The trillion-dollar lawsuit against Tether - prostoalex
https://danco.substack.com/p/the-trillion-dollar-lawsuit-part?token=eyJ1c2VyX2lkIjo2MTQwNiwicG9zdF9pZCI6MTYwNDE1LCJfIjoiR04vbWEiLCJpYXQiOjE1NzI4Mjk2NDksImV4cCI6MTU3MjgzMzI0OSwiaXNzIjoicHViLTg2MjMiLCJzdWIiOiJwb3N0LXJlYWN0aW9uIn0.LEnAhs6P88d7mEmzqAZmdP2O767cIwRI73guebuO6L4
======
asdfasgasdgasdg
I'm all in on the concept that Tether is a fraud. However, isn't it slightly
premature to file a lawsuit over losses?

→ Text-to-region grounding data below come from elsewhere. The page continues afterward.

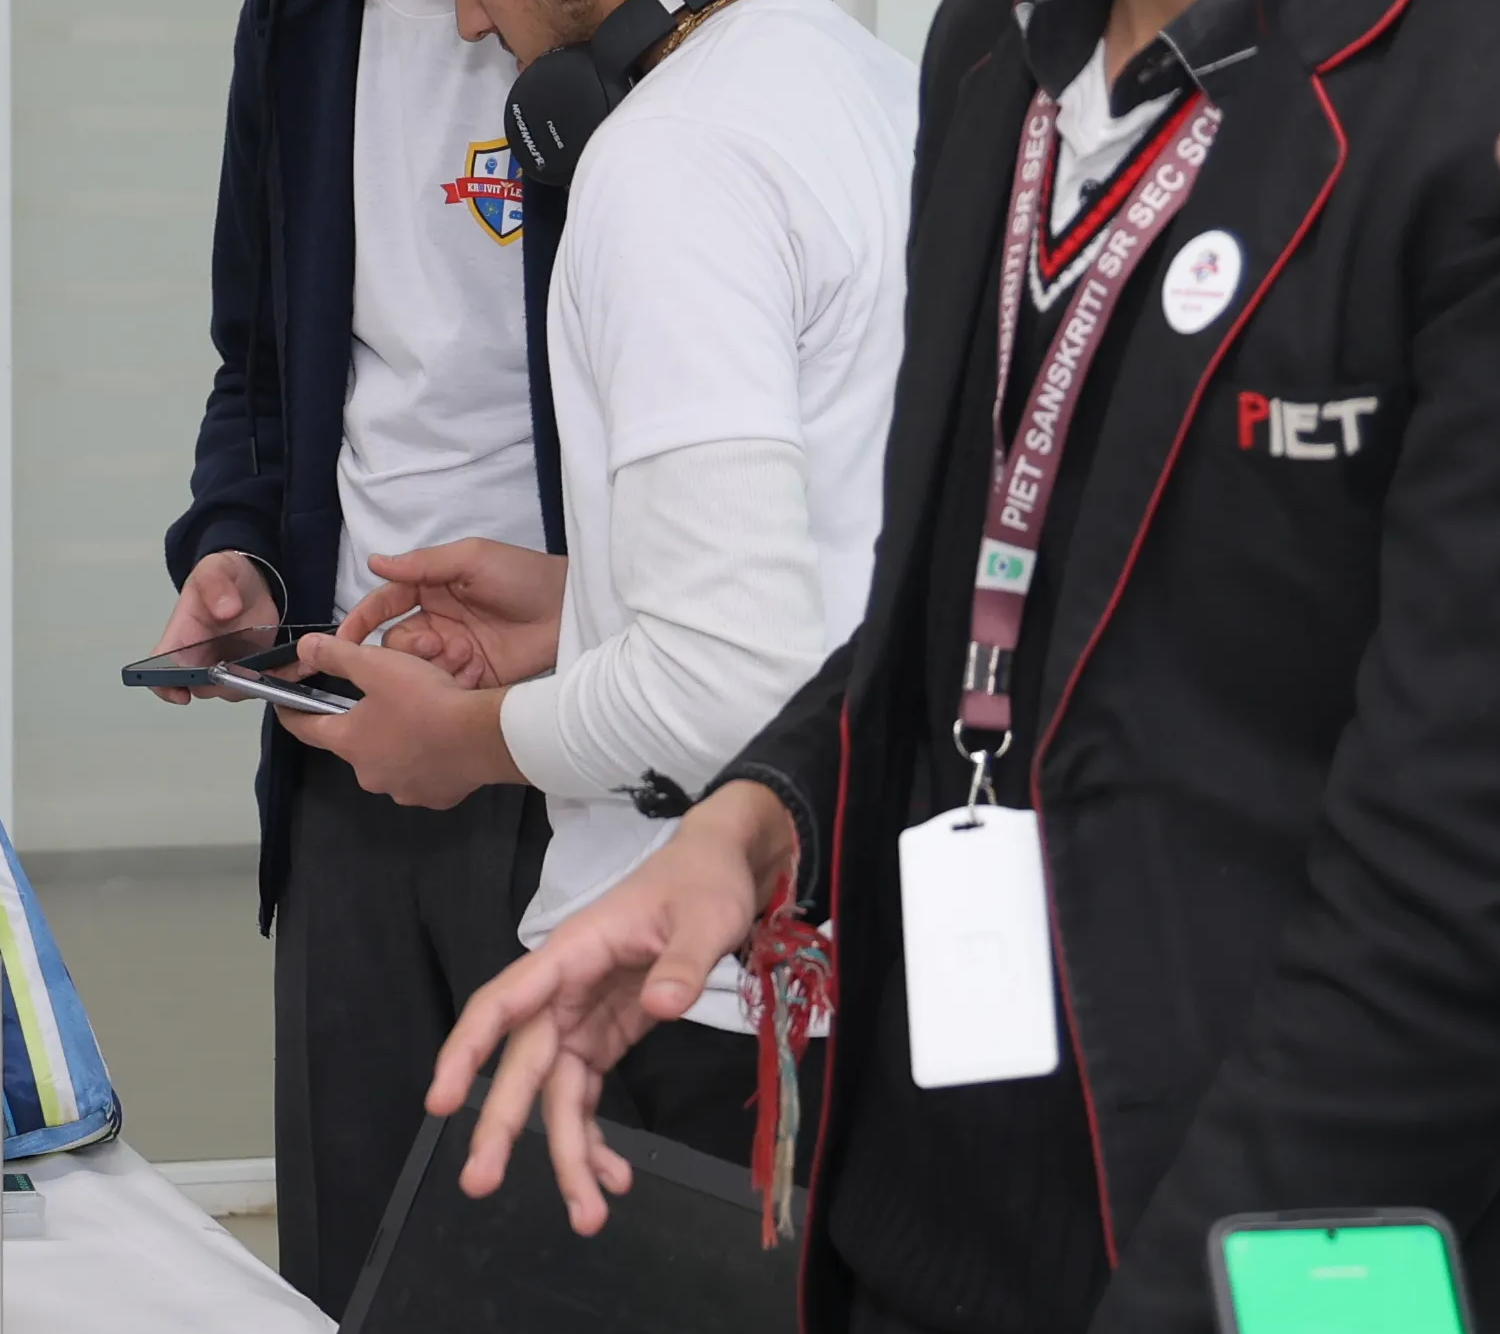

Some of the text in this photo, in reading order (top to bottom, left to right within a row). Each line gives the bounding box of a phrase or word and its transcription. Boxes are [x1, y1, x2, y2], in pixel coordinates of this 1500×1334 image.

[547, 120, 564, 150] noise
[1022, 114, 1050, 183] SEC
[1012, 188, 1036, 237] SR
[1000, 454, 1045, 533] PIET
[1025, 279, 1109, 456] SANSKRITI
[1097, 229, 1139, 279] SR
[1127, 163, 1185, 230] SEC
[1238, 390, 1379, 461] PIET
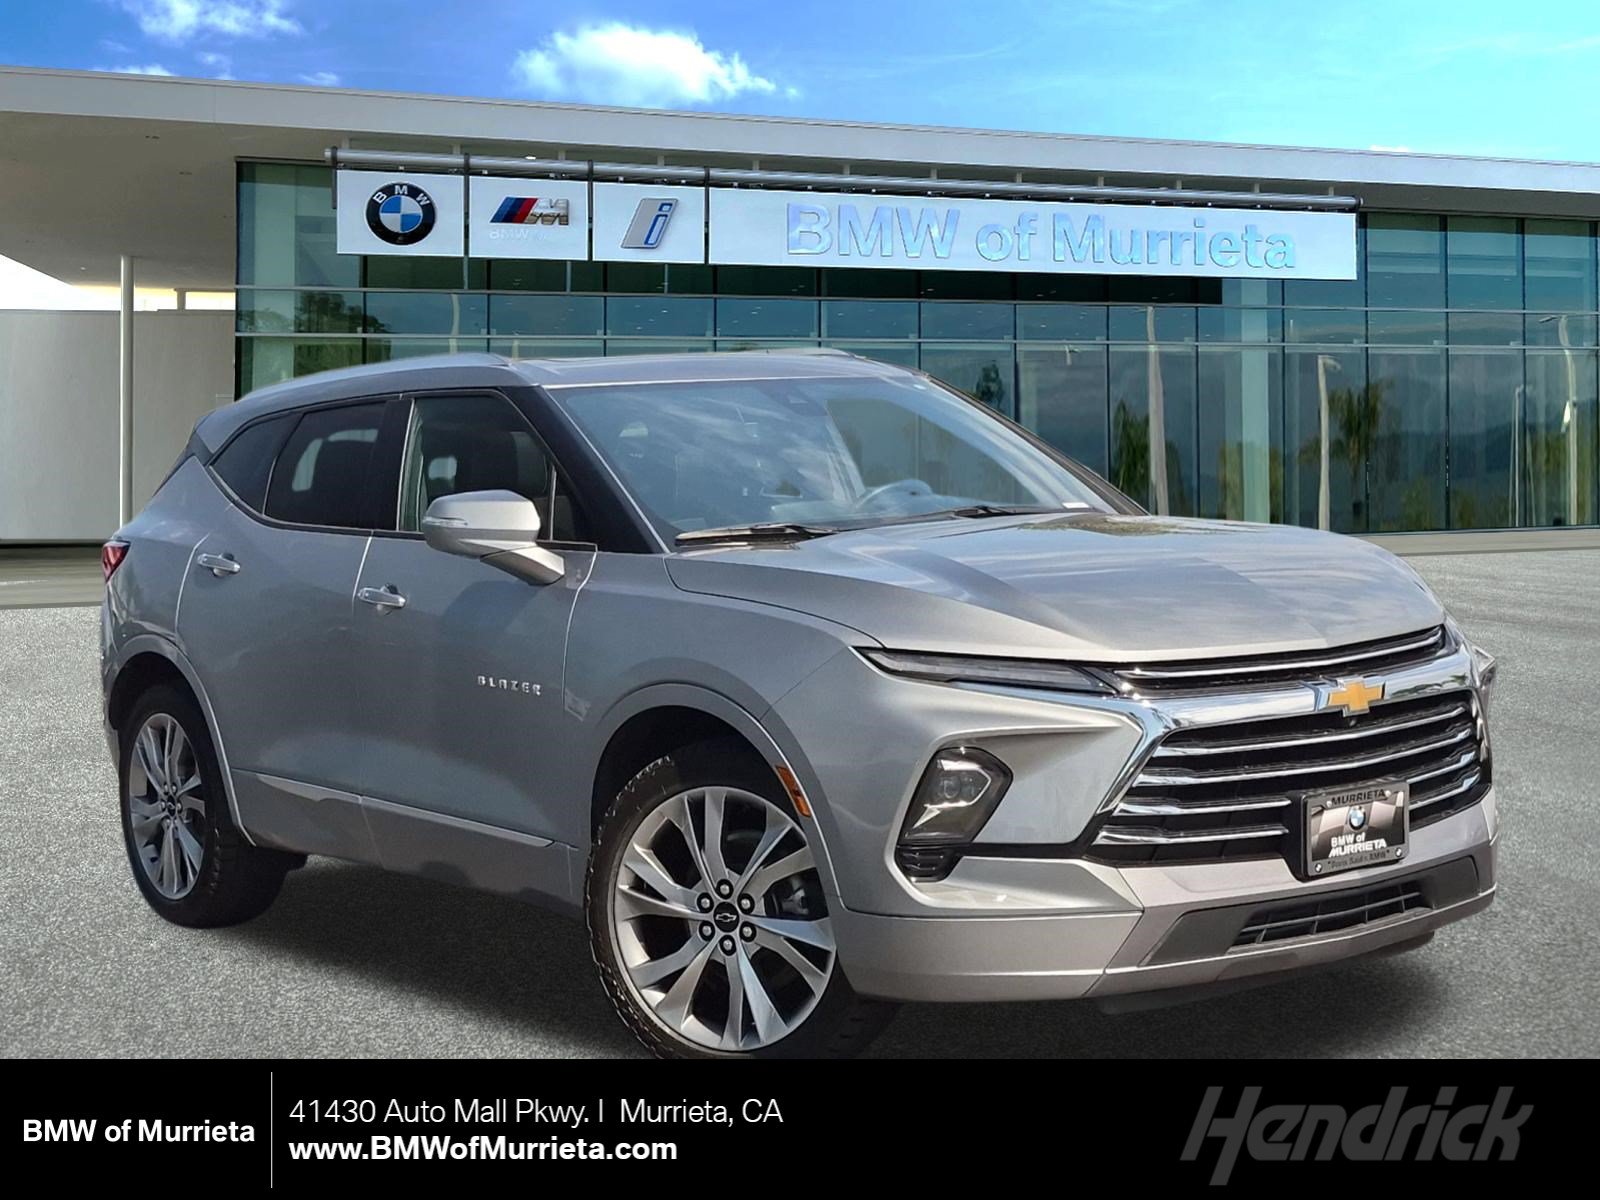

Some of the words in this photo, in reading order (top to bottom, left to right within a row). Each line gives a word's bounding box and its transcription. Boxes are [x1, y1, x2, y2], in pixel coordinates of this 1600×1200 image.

[372, 185, 431, 206] BMW
[786, 202, 960, 258] BMW
[976, 212, 1039, 263] of
[1053, 211, 1297, 269] Murrieta
[477, 675, 541, 696] BLAZER
[1331, 788, 1386, 806] MURRIETA
[1328, 838, 1388, 858] MURRIETA
[1331, 833, 1355, 848] BMW
[1355, 831, 1366, 842] of
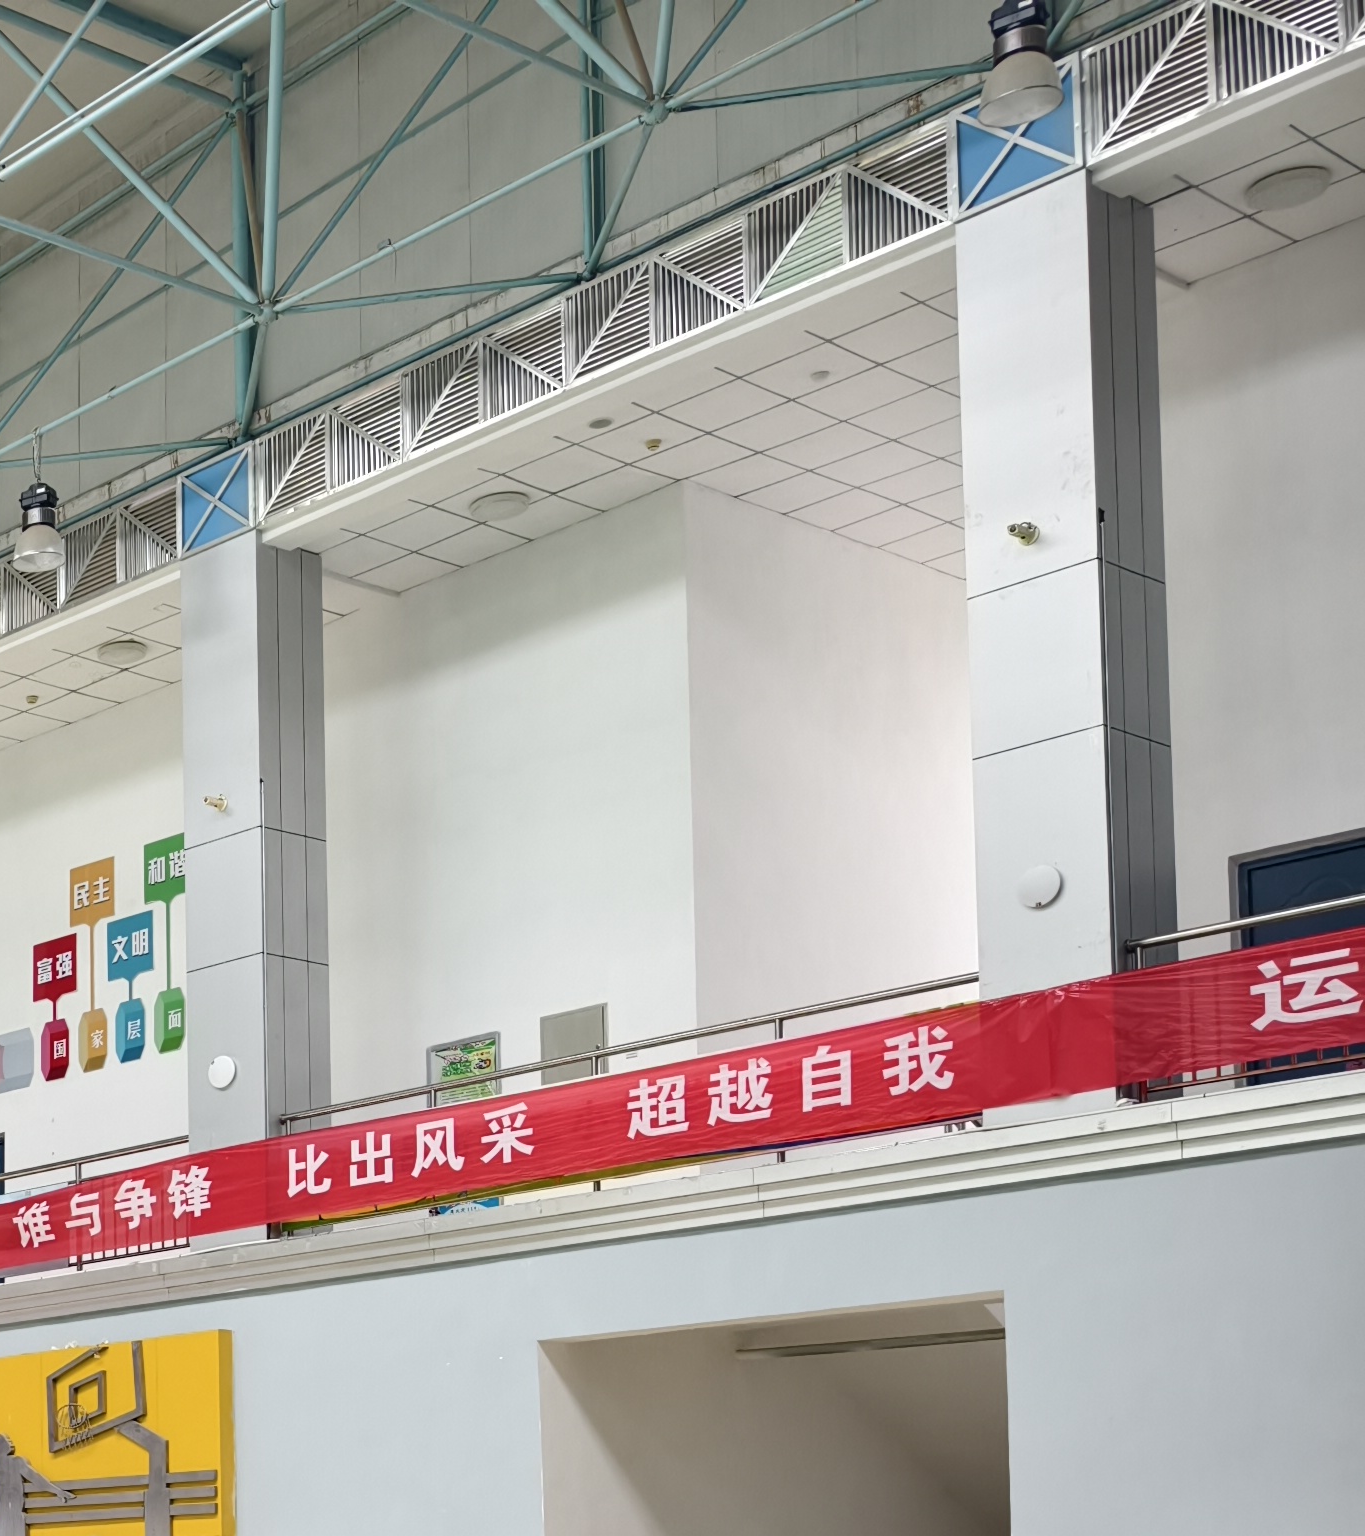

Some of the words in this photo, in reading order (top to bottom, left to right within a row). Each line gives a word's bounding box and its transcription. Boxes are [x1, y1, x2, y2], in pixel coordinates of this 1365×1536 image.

The latest price charts still have
tether at $1~=1USDT. If you have Tether and are worried about its liquidity,
shouldn't you just sell Tether to someone who wants it in exchange for
something else?

Or is there some kind of problem with doing that transaction that I'm not
aware of? Maybe some limitation that's not reflected in the price charts?

Edit: I see that this is not actually about Tether's liquidity at all.
Instead, the accusation is that Tether was used to pump and dump Bitcoin, and
those who suffered damages under this theory are people who bought Bitcoin at
the top.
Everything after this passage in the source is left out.